● **Aim of the task**
Exclude all images and print the entries below exactly.

● **Source records**
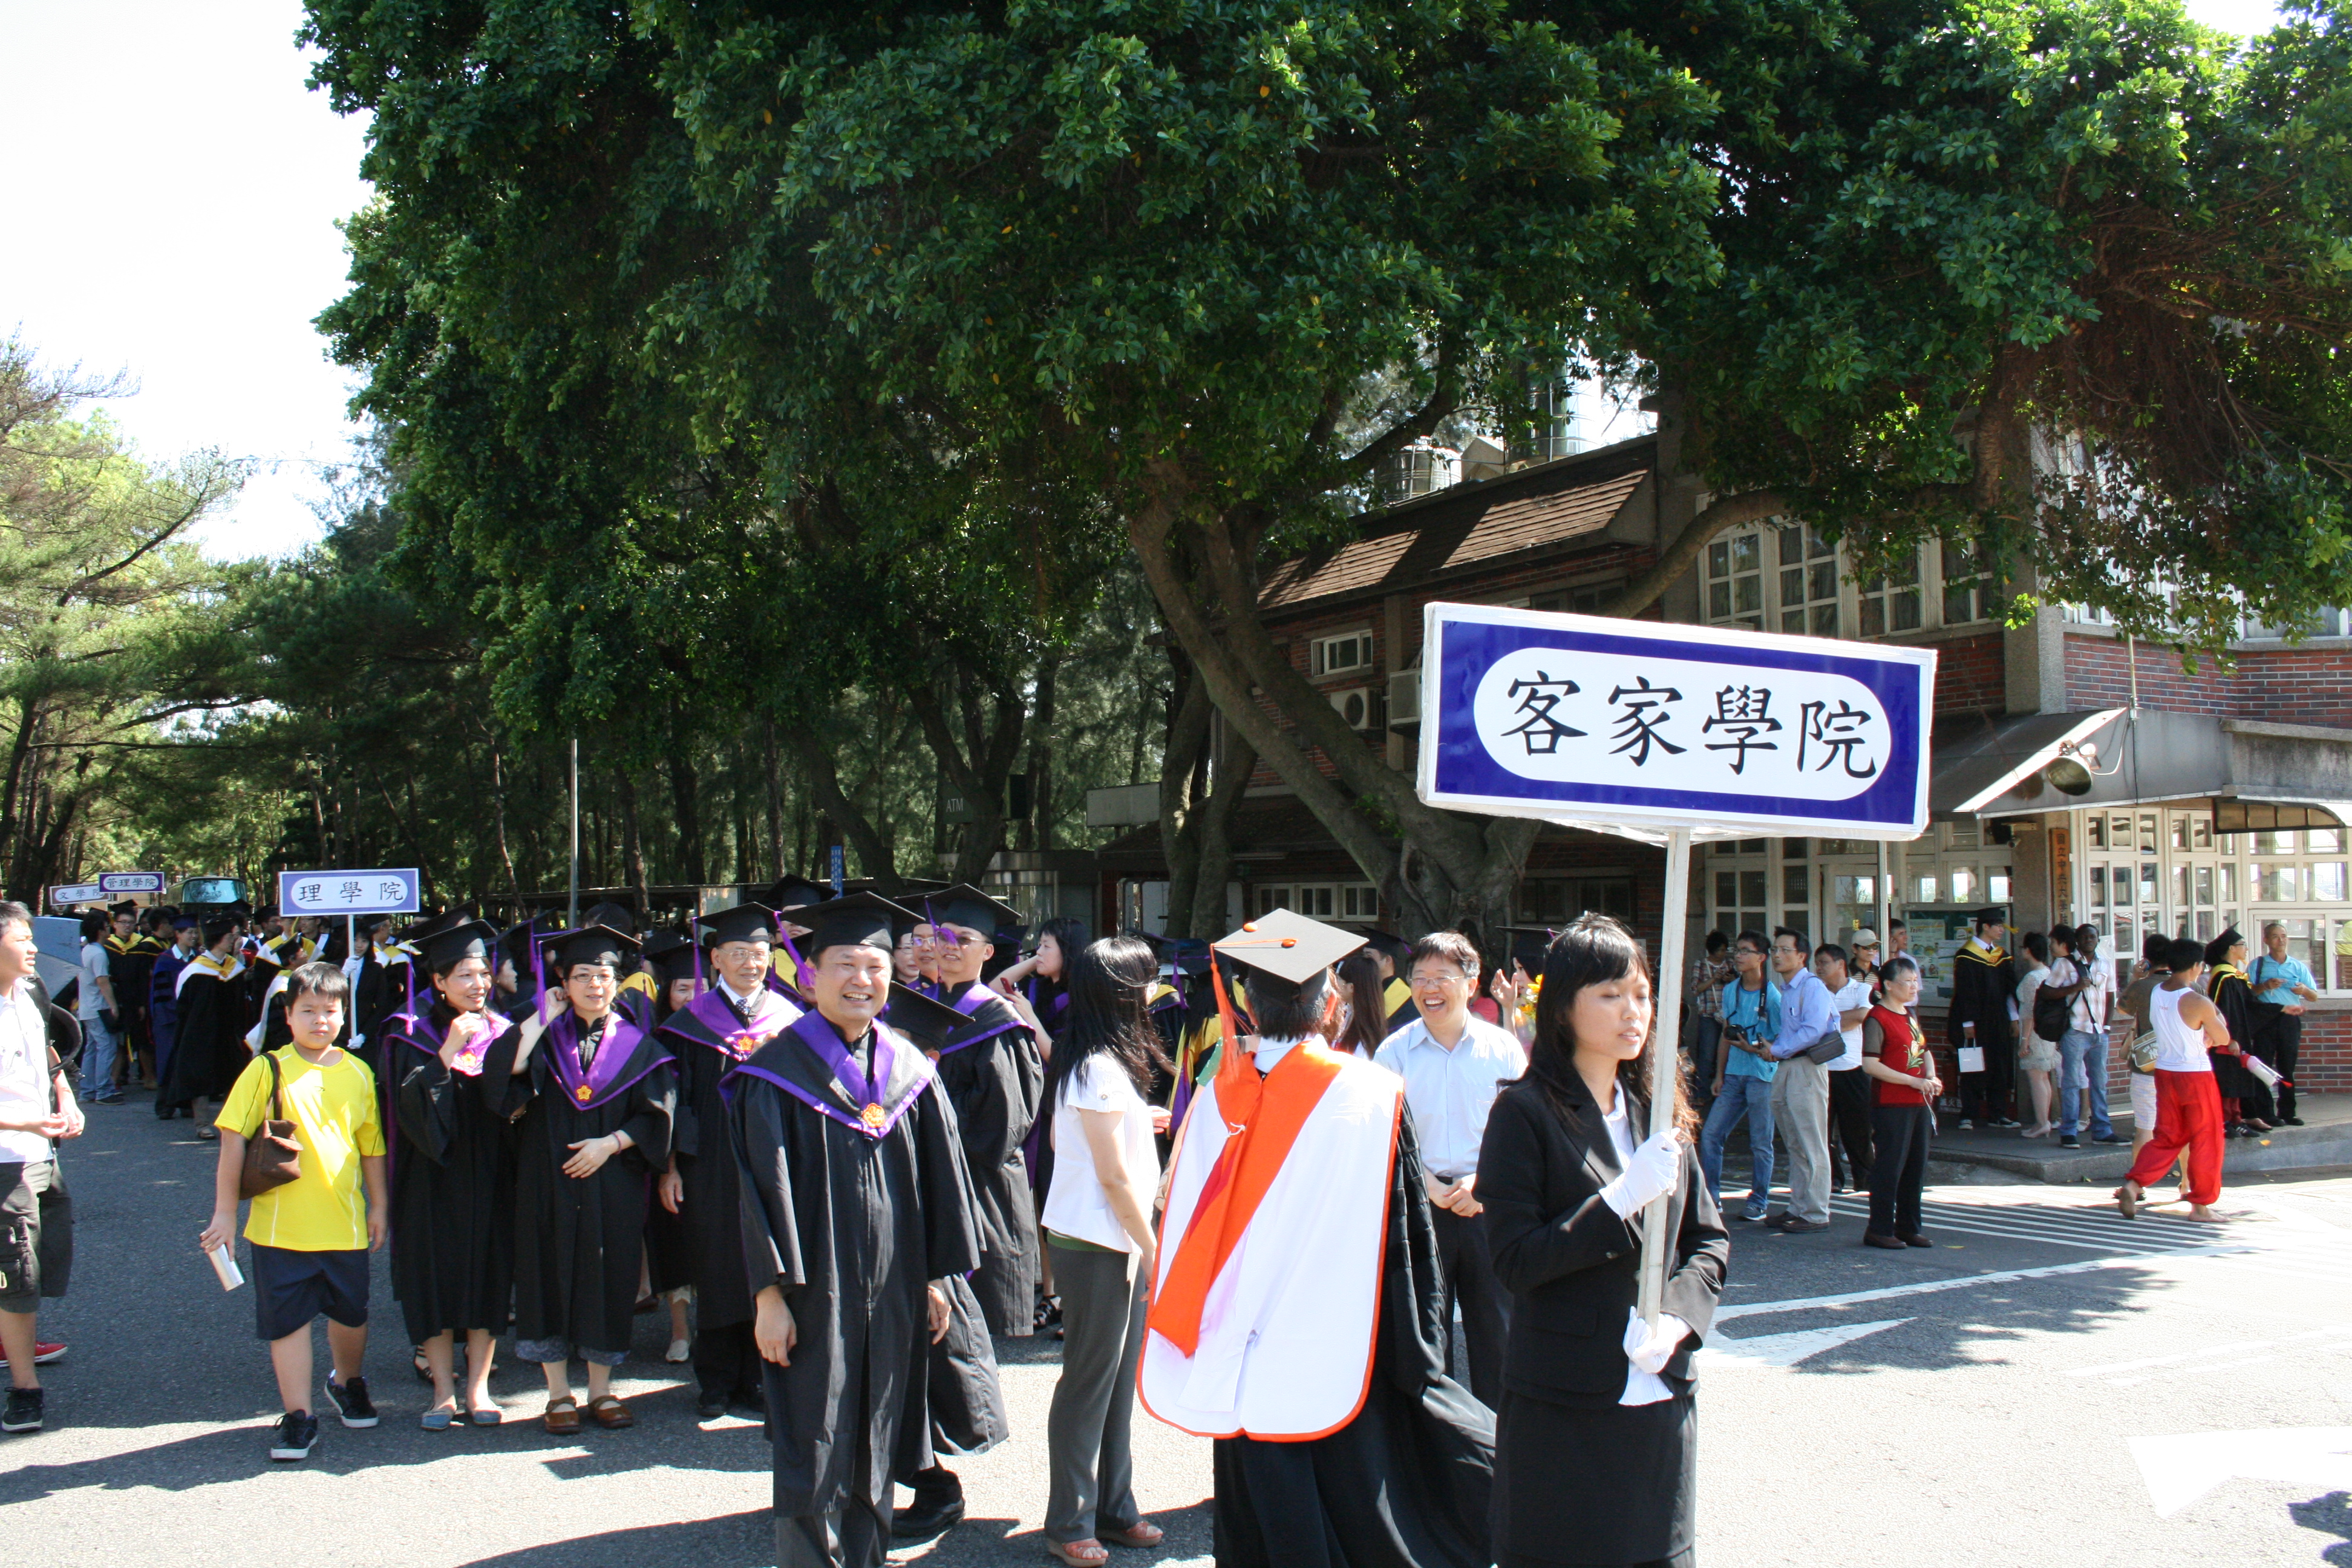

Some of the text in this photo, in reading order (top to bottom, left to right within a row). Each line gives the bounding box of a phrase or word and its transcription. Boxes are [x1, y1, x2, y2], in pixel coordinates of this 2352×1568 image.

[1500, 670, 1877, 779] 客家學院
[946, 799, 963, 812] ATM
[106, 877, 157, 888] 管理學院
[59, 889, 104, 900] 文學院
[298, 881, 404, 904] 理學院

● **Task output**
Some of the text in this photo, in reading order (top to bottom, left to right within a row). Each line gives the bounding box of a phrase or word and its transcription. Boxes are [x1, y1, x2, y2], in pixel coordinates of this 2352×1568 image.

[1500, 670, 1877, 779] 客家學院
[946, 799, 963, 812] ATM
[106, 877, 157, 888] 管理學院
[59, 889, 104, 900] 文學院
[298, 881, 404, 904] 理學院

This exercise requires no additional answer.